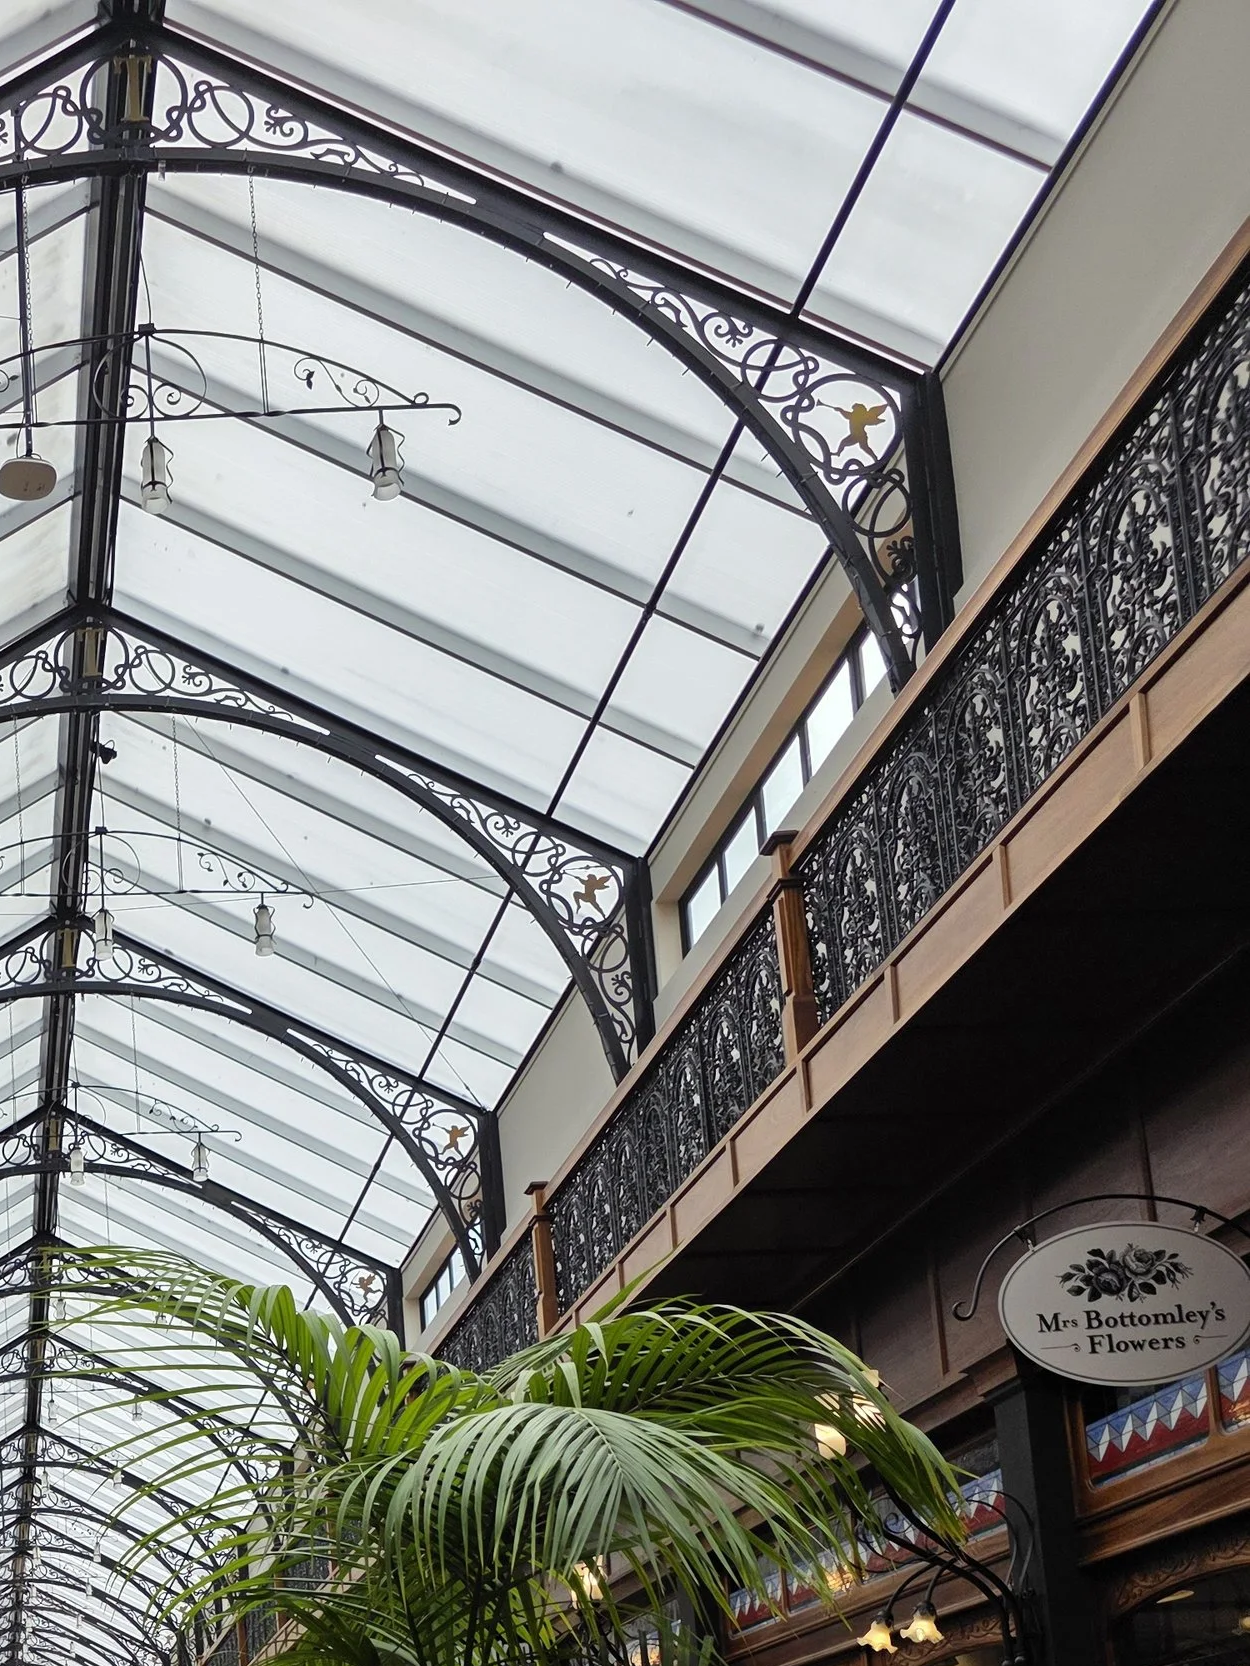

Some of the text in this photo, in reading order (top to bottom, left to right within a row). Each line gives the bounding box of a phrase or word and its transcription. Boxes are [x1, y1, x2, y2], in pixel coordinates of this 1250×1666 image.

[1037, 1302, 1226, 1334] Mrs Bottomley's
[1087, 1333, 1187, 1355] Flowers
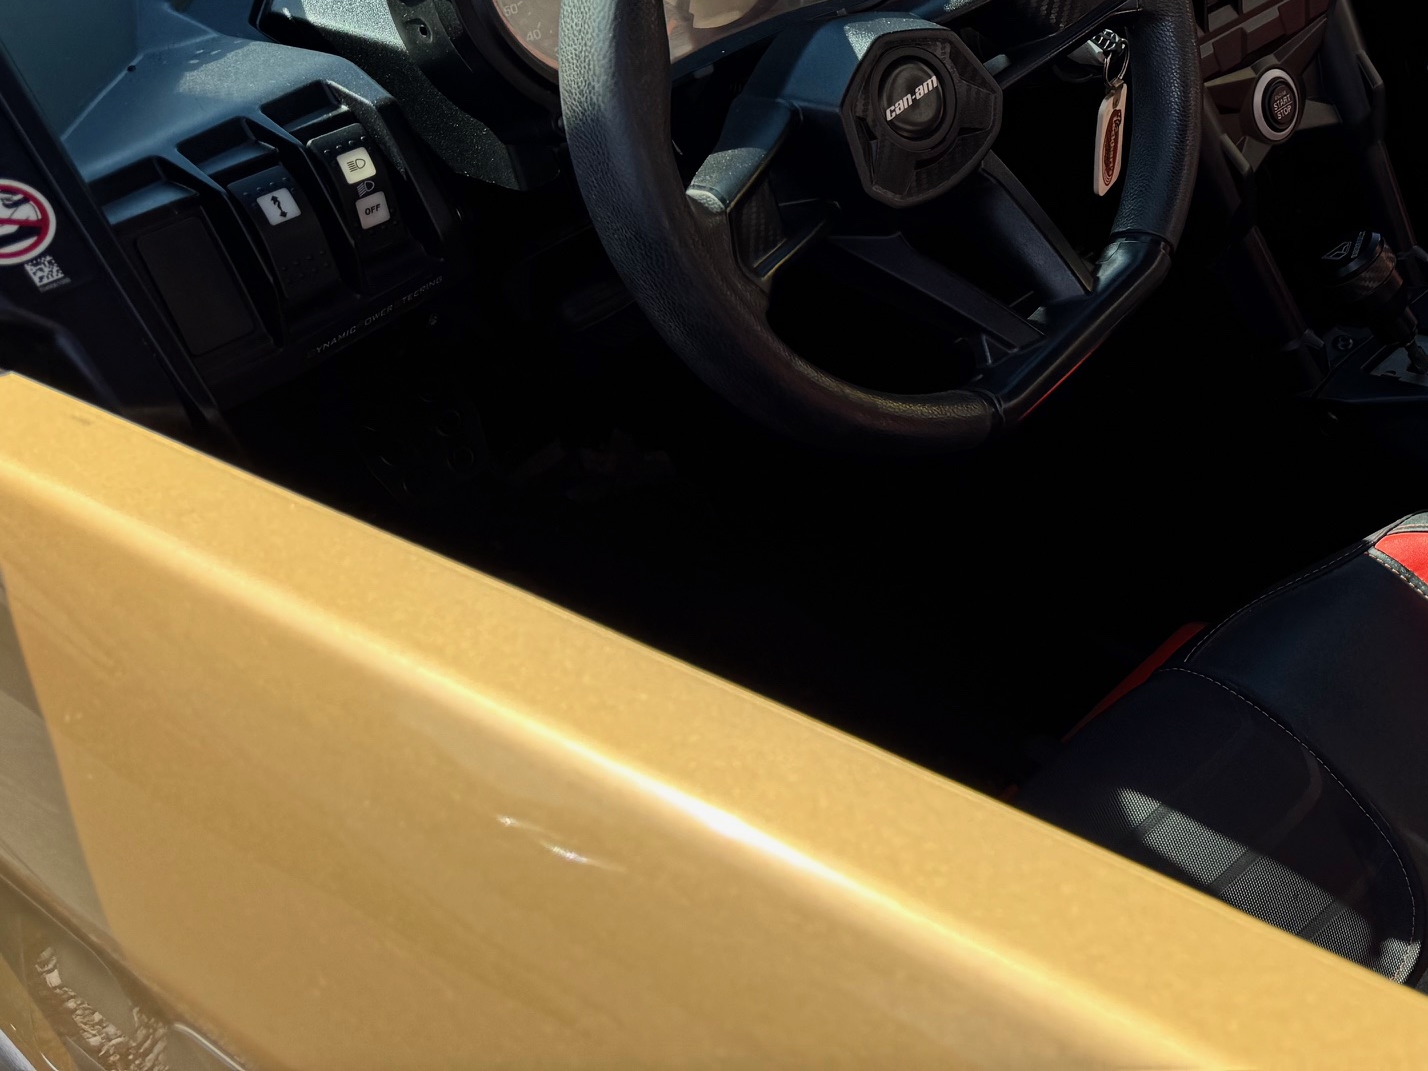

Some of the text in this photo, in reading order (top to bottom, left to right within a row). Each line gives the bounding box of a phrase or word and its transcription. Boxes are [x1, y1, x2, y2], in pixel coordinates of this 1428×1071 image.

[503, 3, 518, 17] 50
[526, 29, 542, 42] 40
[886, 75, 938, 121] can-am
[1273, 94, 1290, 110] START
[1277, 105, 1291, 119] STOP
[365, 203, 381, 215] OFF
[306, 275, 443, 358] YNAMIC OWER TEERING

*****

TO DO. The answer must be an exact copy of the records above, with the pictures left out.

RESPONSE TO THE TASK.
Some of the text in this photo, in reading order (top to bottom, left to right within a row). Each line gives the bounding box of a phrase or word and its transcription. Boxes are [x1, y1, x2, y2], in pixel coordinates of this 1250×1666 image.

[1037, 1302, 1226, 1334] Mrs Bottomley's
[1087, 1333, 1187, 1355] Flowers

Some of the text in this photo, in reading order (top to bottom, left to right within a row). Each line gives the bounding box of a phrase or word and its transcription. Boxes are [x1, y1, x2, y2], in pixel coordinates of this 1428×1071 image.

[503, 3, 518, 17] 50
[526, 29, 542, 42] 40
[886, 75, 938, 121] can-am
[1273, 94, 1290, 110] START
[1277, 105, 1291, 119] STOP
[365, 203, 381, 215] OFF
[306, 275, 443, 358] YNAMIC OWER TEERING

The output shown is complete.